Would you output all the lines below precisely as they stand, leaving each picture out?

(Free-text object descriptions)
┄┄┄┄┄┄┄┄┄┄

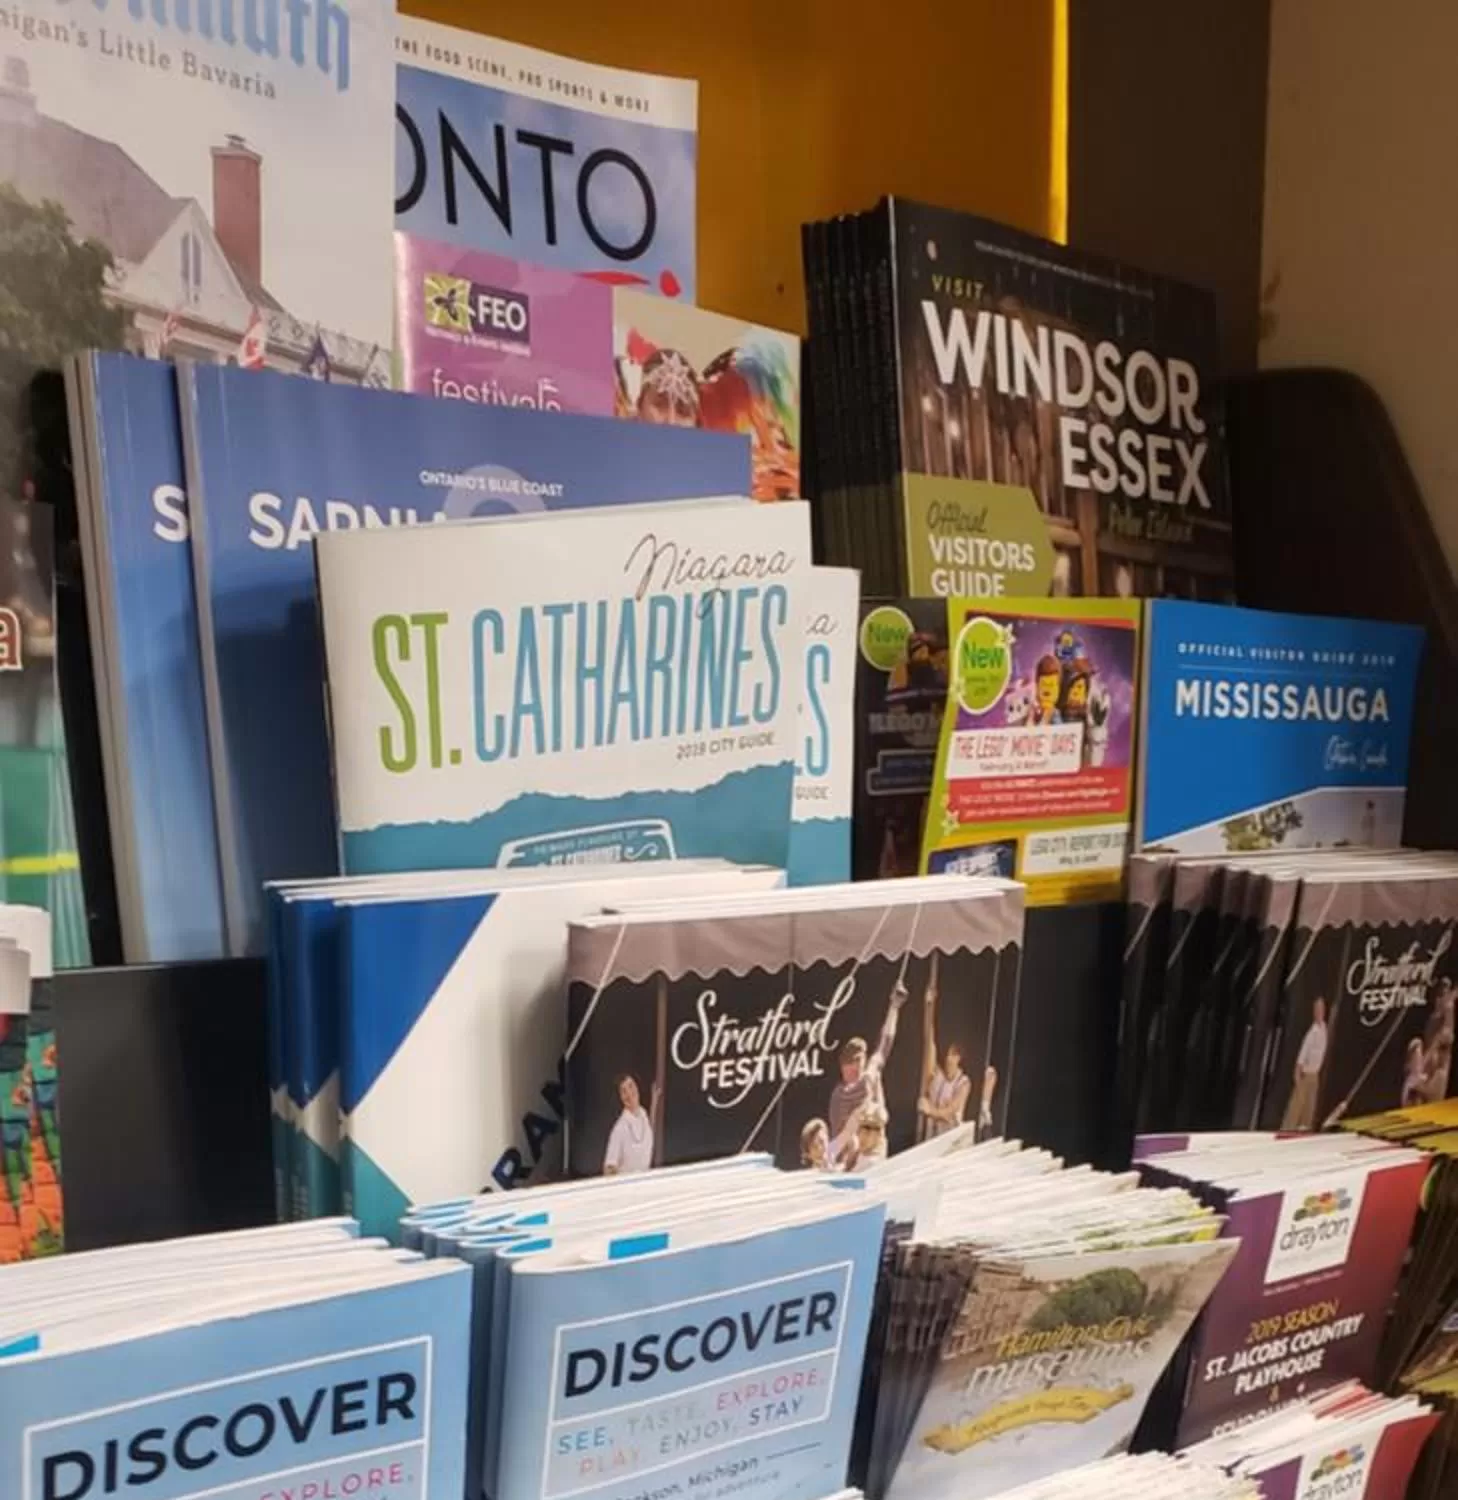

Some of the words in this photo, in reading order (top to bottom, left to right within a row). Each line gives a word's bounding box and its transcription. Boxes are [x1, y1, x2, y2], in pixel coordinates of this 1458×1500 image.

[100, 28, 172, 71] Little
[183, 50, 277, 100] Bavaria
[426, 44, 461, 67] FOOD
[519, 69, 543, 89] PRO
[932, 275, 985, 299] VISIT
[478, 295, 527, 332] FEO
[922, 300, 1206, 434] WINDSOR
[1060, 416, 1211, 508] ESSEX
[488, 477, 520, 494] BLUE
[521, 480, 563, 497] COAST
[926, 502, 988, 535] Official
[928, 535, 1036, 572] VISITORS
[625, 533, 795, 622] Niagara
[931, 567, 1006, 598] GUIDE
[962, 641, 1005, 669] New
[1178, 642, 1244, 658] OFFICIAL
[1251, 647, 1305, 661] VISITOR
[1312, 650, 1355, 665] GUIDE
[372, 612, 462, 774] ST.
[472, 584, 788, 763] CATHARINES
[1175, 678, 1390, 722] MISSISSAUGA
[709, 737, 736, 754] CITY
[739, 731, 775, 750] GUIDE
[1347, 927, 1452, 996] Stratford
[1360, 984, 1428, 1016] FESTIVAL
[671, 976, 854, 1070] Stratford
[702, 1050, 824, 1098] FESTIVAL
[1280, 1217, 1350, 1251] drayton
[997, 1322, 1102, 1359] Hamilton
[1247, 1315, 1284, 1343] 2019
[1285, 1300, 1341, 1332] SEASON
[565, 1290, 838, 1400] DISCOVER
[966, 1340, 1152, 1393] museums
[1204, 1357, 1228, 1382] ST.
[1230, 1335, 1290, 1374] JACOBS
[1291, 1312, 1365, 1353] COUNTRY
[1234, 1349, 1326, 1396] PLAYHOUSE
[748, 1394, 804, 1427] STAY
[687, 1456, 760, 1488] Michigan

┄┄┄┄┄┄┄┄┄┄

▶ **EXERCISE RESPONSE**:
Some of the words in this photo, in reading order (top to bottom, left to right within a row). Each line gives a word's bounding box and its transcription. Boxes are [x1, y1, x2, y2], in pixel coordinates of this 1458×1500 image.

[100, 28, 172, 71] Little
[183, 50, 277, 100] Bavaria
[426, 44, 461, 67] FOOD
[519, 69, 543, 89] PRO
[932, 275, 985, 299] VISIT
[478, 295, 527, 332] FEO
[922, 300, 1206, 434] WINDSOR
[1060, 416, 1211, 508] ESSEX
[488, 477, 520, 494] BLUE
[521, 480, 563, 497] COAST
[926, 502, 988, 535] Official
[928, 535, 1036, 572] VISITORS
[625, 533, 795, 622] Niagara
[931, 567, 1006, 598] GUIDE
[962, 641, 1005, 669] New
[1178, 642, 1244, 658] OFFICIAL
[1251, 647, 1305, 661] VISITOR
[1312, 650, 1355, 665] GUIDE
[372, 612, 462, 774] ST.
[472, 584, 788, 763] CATHARINES
[1175, 678, 1390, 722] MISSISSAUGA
[709, 737, 736, 754] CITY
[739, 731, 775, 750] GUIDE
[1347, 927, 1452, 996] Stratford
[1360, 984, 1428, 1016] FESTIVAL
[671, 976, 854, 1070] Stratford
[702, 1050, 824, 1098] FESTIVAL
[1280, 1217, 1350, 1251] drayton
[997, 1322, 1102, 1359] Hamilton
[1247, 1315, 1284, 1343] 2019
[1285, 1300, 1341, 1332] SEASON
[565, 1290, 838, 1400] DISCOVER
[966, 1340, 1152, 1393] museums
[1204, 1357, 1228, 1382] ST.
[1230, 1335, 1290, 1374] JACOBS
[1291, 1312, 1365, 1353] COUNTRY
[1234, 1349, 1326, 1396] PLAYHOUSE
[748, 1394, 804, 1427] STAY
[687, 1456, 760, 1488] Michigan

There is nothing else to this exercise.